Bonino for President

L’avvicinarsi delle dimissioni del presidente Napolitano (volontarie e nel momento – come ci ha tenuto a precisare – da lui scelto, ma comunque assai prossime) ha dato il via al toto-presidente. Un’attività che può apparire di mero divertimento popolar-giornalistico, ma che è tale solo in parte. In effetti dipende da chi li lancia e dall’eco che suscitano, ma molti nomi vengono gettati sul tavolo non a caso, ma per tastare il terreno e cominciare a costruire una base di consensi oppure (al momento più spesso) per metterli definitivamente fuori gioco. E’ quest’ultimo il caso di Amato, vecchio marpione dell’età craxiana, recordman delle pensioni d’oro e attuale giudice costituzionale, che per la sua anguillesca abilità di destreggiarsi fra destra e sinistra potrebbe coltivare qualche aspirazione, pur essendo uno dei principali responsabili dell’attuale crisi economica italiana (dopo tutto un altro responsabile della crisi, Carlo Azelio Ciampi, è già salito al Quirinale). Grazie alla sponsorizzazione di Berlusconi dovrebbe essere, nonostante il patto del Nazareno, definitivamente out.

Opposto il caso di Romano Prodi, che si mostra recalcitrante, ma a cui favore viene messa in ballo la riparazione per i 101 voti che gli sono stati fatti inopinatamente mancare quando la sua elezione sembrava sicura e avrebbe evitato il secondo mandato di Napolitano e, di conseguenza (così si sostiene), aperto la strada a una situazione politica che avrebbe risparmiato all’Italia i disastrosi governi Monti e Letta (e magari anche Renzi).

Le candidature di personaggi come il   musicista Muti e l’architetto Piano evidentemente sono state fatte balenare non perché a qualcuno importi qualcosa di Muti o di Piano, ma per saggiare il terreno in vista della nomina di un non-politico, di un rappresentante della cultura, della cosiddetta società civile (non si ancora chi).

Senza escludere che simili manovre approdino a risultati concreti ( i fattori in gioco sono tanti e vi è la mina vagante dei cinquestelle e relativi transfughi), è probabile che in buona parte si tratti di fumo negli occhi, per non attirare troppo l’attenzione sul risultato che si sta preparando e confezionando “là dove si puote ciò che si vuole” o quasi: il conferimento della presidenza della Repubblica a Emma Bonino. Non sono pochi a pensare che si tratti della soluzione vagheggiata dal presidente Napolitano, che, assieme a Mario Monti (un patrocinio questo che potrebbe risultare controproducente) ne sarebbe il massimo sponsor come lo fu della sua nomina a ministro degli esteri nel governo Letta.

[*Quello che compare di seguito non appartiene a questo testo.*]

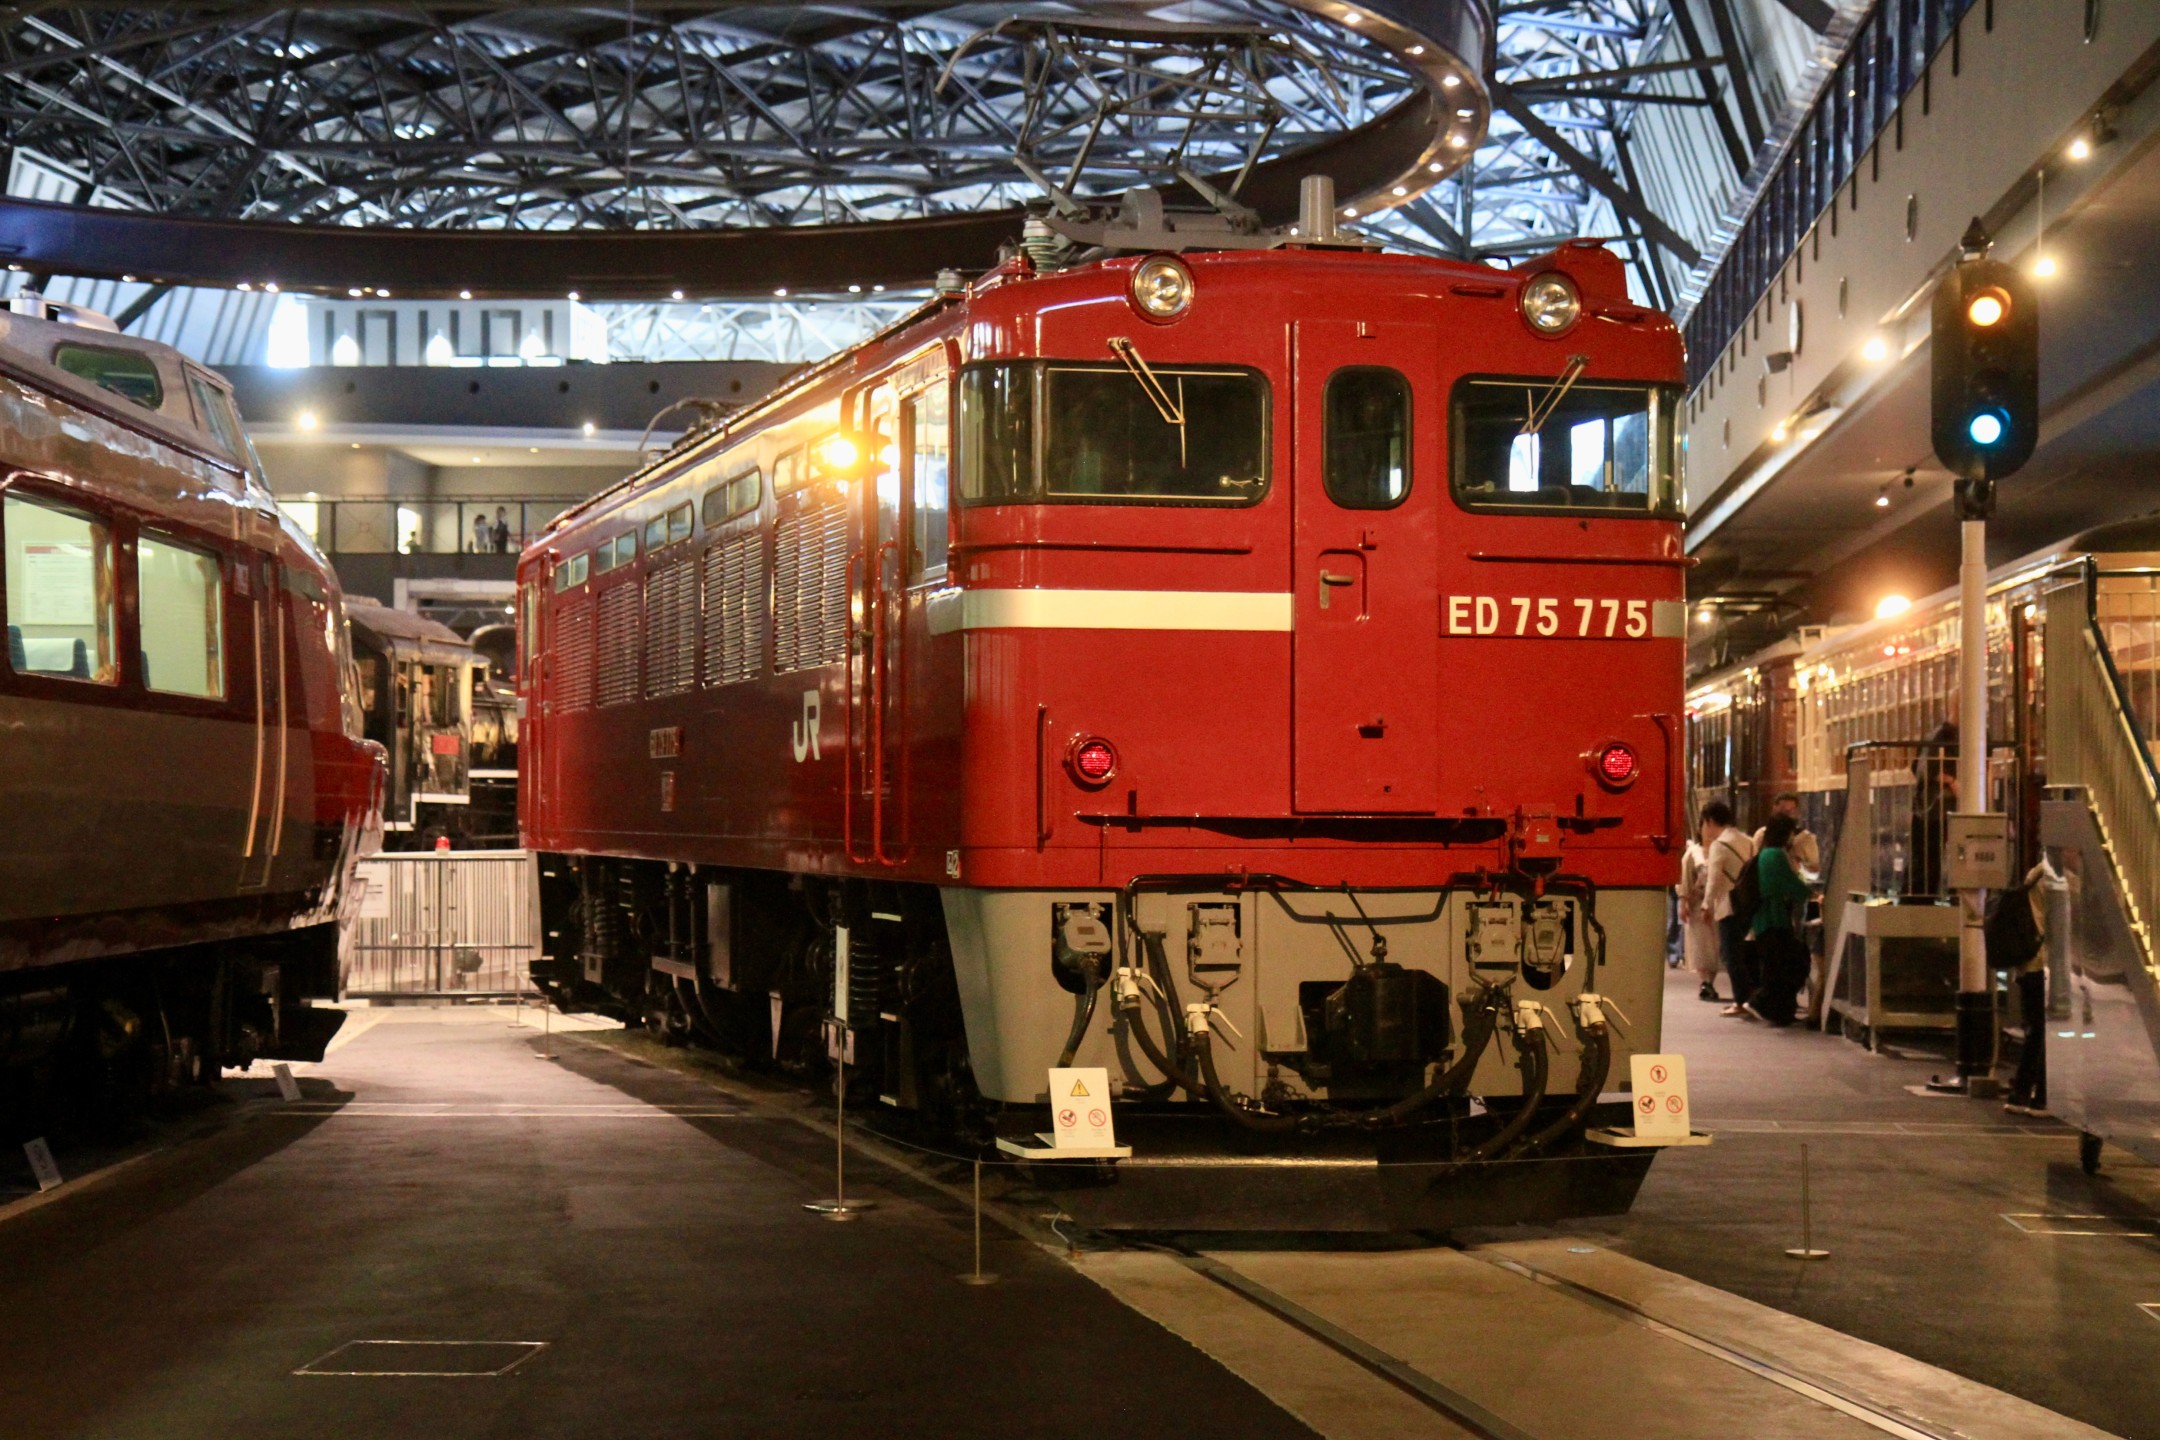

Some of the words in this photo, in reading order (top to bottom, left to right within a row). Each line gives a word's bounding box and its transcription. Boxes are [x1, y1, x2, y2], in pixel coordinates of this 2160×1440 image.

[1449, 596, 1499, 635] ED
[1511, 597, 1559, 636] 75
[1574, 598, 1647, 638] 775
[793, 690, 820, 763] JR
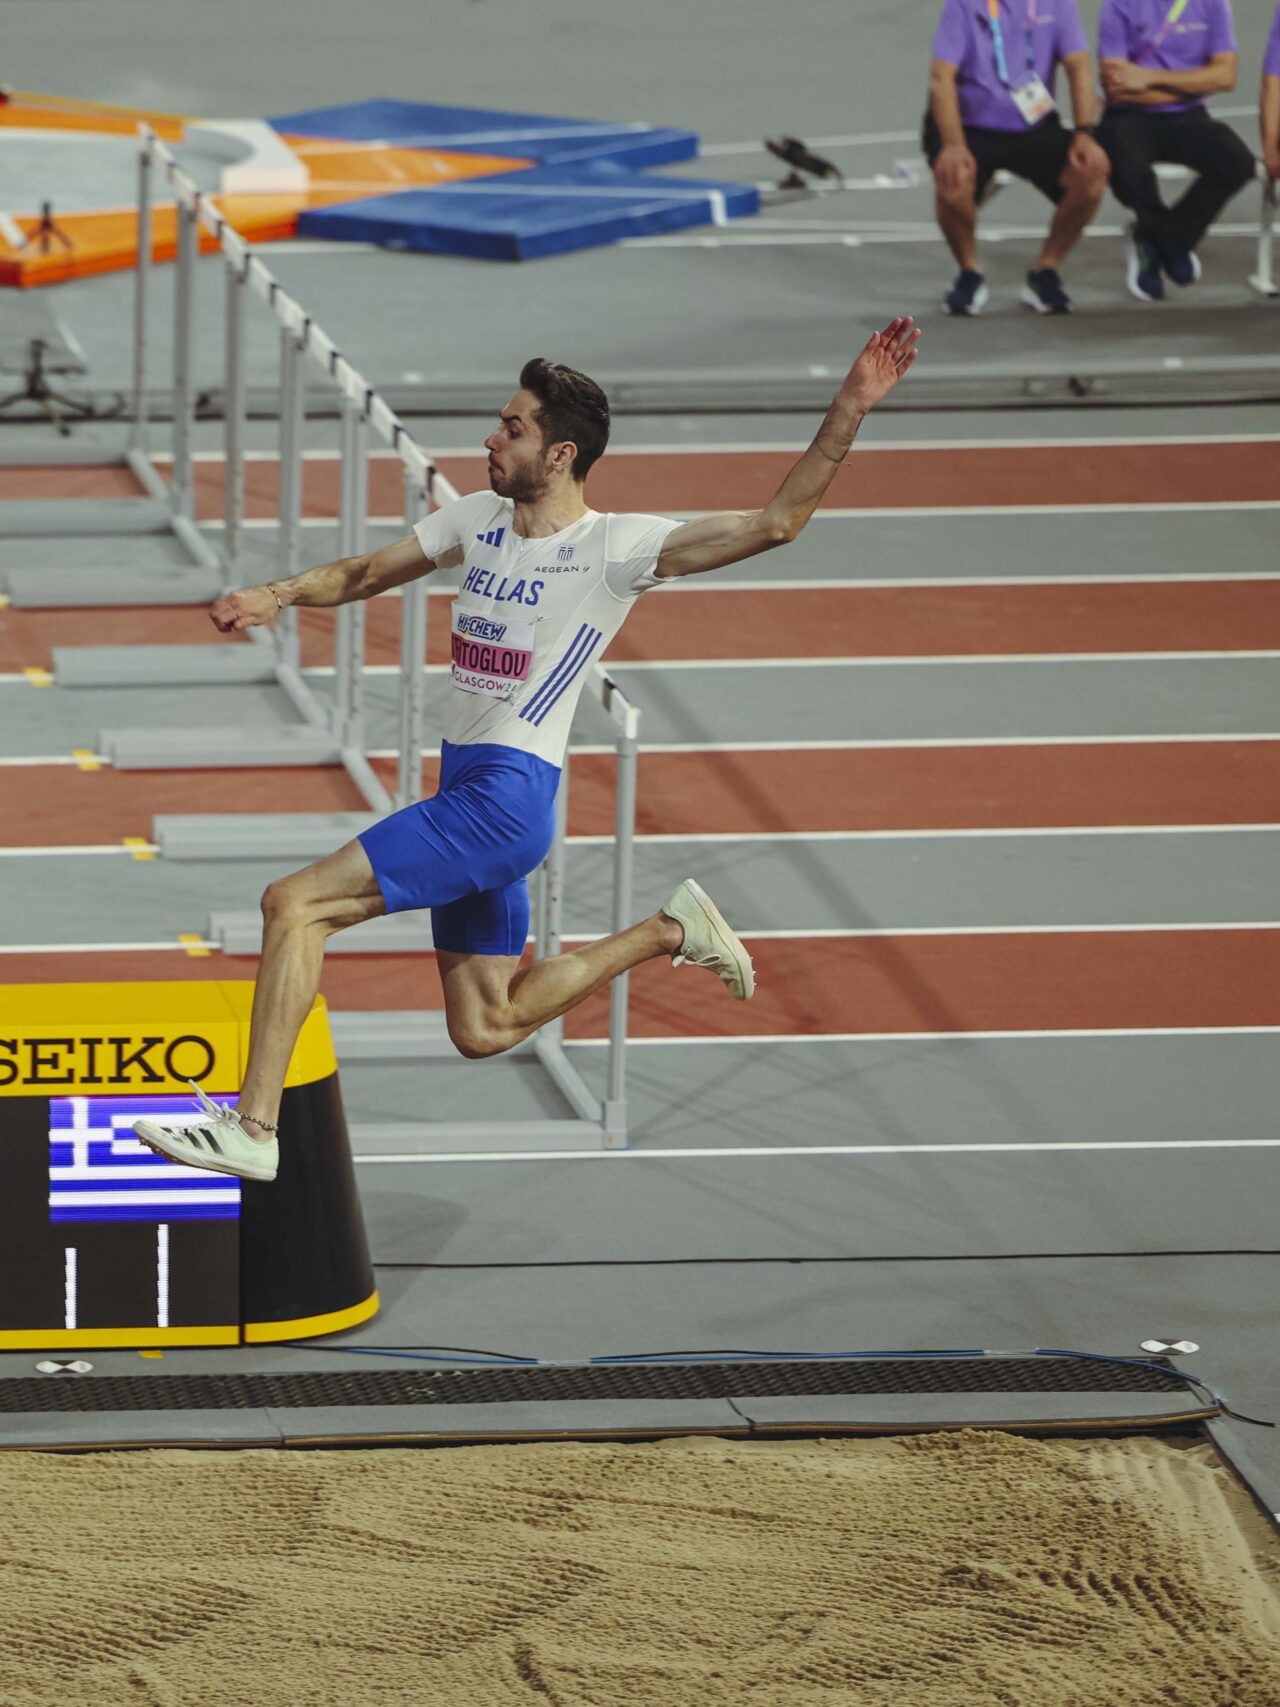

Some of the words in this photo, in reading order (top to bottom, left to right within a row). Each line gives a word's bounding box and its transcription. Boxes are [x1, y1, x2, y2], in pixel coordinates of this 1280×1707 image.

[534, 565, 580, 574] AEGEAN
[463, 566, 545, 606] HELLAS
[457, 613, 507, 641] HI-CHEW

Adesso a Monti non fa più caso nessuno, ma tanto Napolitano quanto la presidente della Camera Laura Boldrini sopperiscono, lasciando intendere che è ora di affidare ad una donna la più alta carica della Repubblica. Se si va in questa direzione e si rimane nel parterre della politica, né la Boldrini, né (altro nome gettato sul tavolo) Rosy Bindi (anche se non si può escludere che ci abbiano fatto un pensierino) hanno concrete possibilità di elezione. Dal momento che la Finocchiaro, di cui pure si parla, è troppo partiticamente contrassegnata, non resta che la Bonino. che, pur essendo in realtà la meno adeguata ad un ufficio   che dovrebbe garantire la massima rappresentatività dell’intero popolo italiano, gode invece, oltre che degli sponsor di cui si è detto,   di appoggi politici “bipartisan” e perfino di vasti consensi nell’opinione pubblica..

Difficile capire come questo sia possibile per un personaggio non solo decisamente schierato a favore di una delle pratiche tuttora più controverse e divisive per le coscienze, l’aborto, ma che a suo tempo si è vantata di avere praticato, direttamente o indirettamente, migliaia di aborti, quando in Italia l’aborto era ancora un delitto. Sembra addirittura dimenticata (nonostante gli sforzi di chi si adopera per ravvivare la debole memoria degli italiani) l’intervista rilasciata nel 1975 dalla Bonino al settimanale “Oggi” per descrivere le modalità delle proprie prestazioni abortive eseguite “con una pompa di bicicletta, un dilatatore di plastica e un vaso dentro cui si fa il vuoto e in cui finisce il contenuto dell’utero”. Il vaso utilizzato era “un barattolo da un chilo che aveva contenuto della marmellata” tanto “alle donne non importa nulla che io non usi un vaso acquistato in un negozio di sanitari, anzi è un buon motivo per farsi quattro risate“.

Contro l’eventualità di questa nomina Danilo Quinto, che la conosce bene essendo stato per un ventennio, fino al 2003, uno dei massimi dirigenti (con funzioni anche di tesoriere) del partito radicale,   ha pubblicato il libro “Emma Bonino. Dagli aborti al Quirinale?”. Dati i precedenti sembrerebbe un’ipotesi impossibile, ma Danilo Quinto e i pochi giornalisti che hanno ripreso il suo allarme conoscono troppo bene gli ingranaggi di potere che i radicali sono in grado di mettere in moto per non sapere che si tratta di un’eventualità tutt’altro che remota in un paese come l’Italia, dove parlamentari che si dicono cattolici a fine dicembre 2011 (in tempi, quindi, di ristrettezze economiche e spending review) hanno votato per il rinnovo della convenzione, che attribuisce a Radio radicale un finanziamento annuo (a carico dello Stato) di dieci milioni di euro.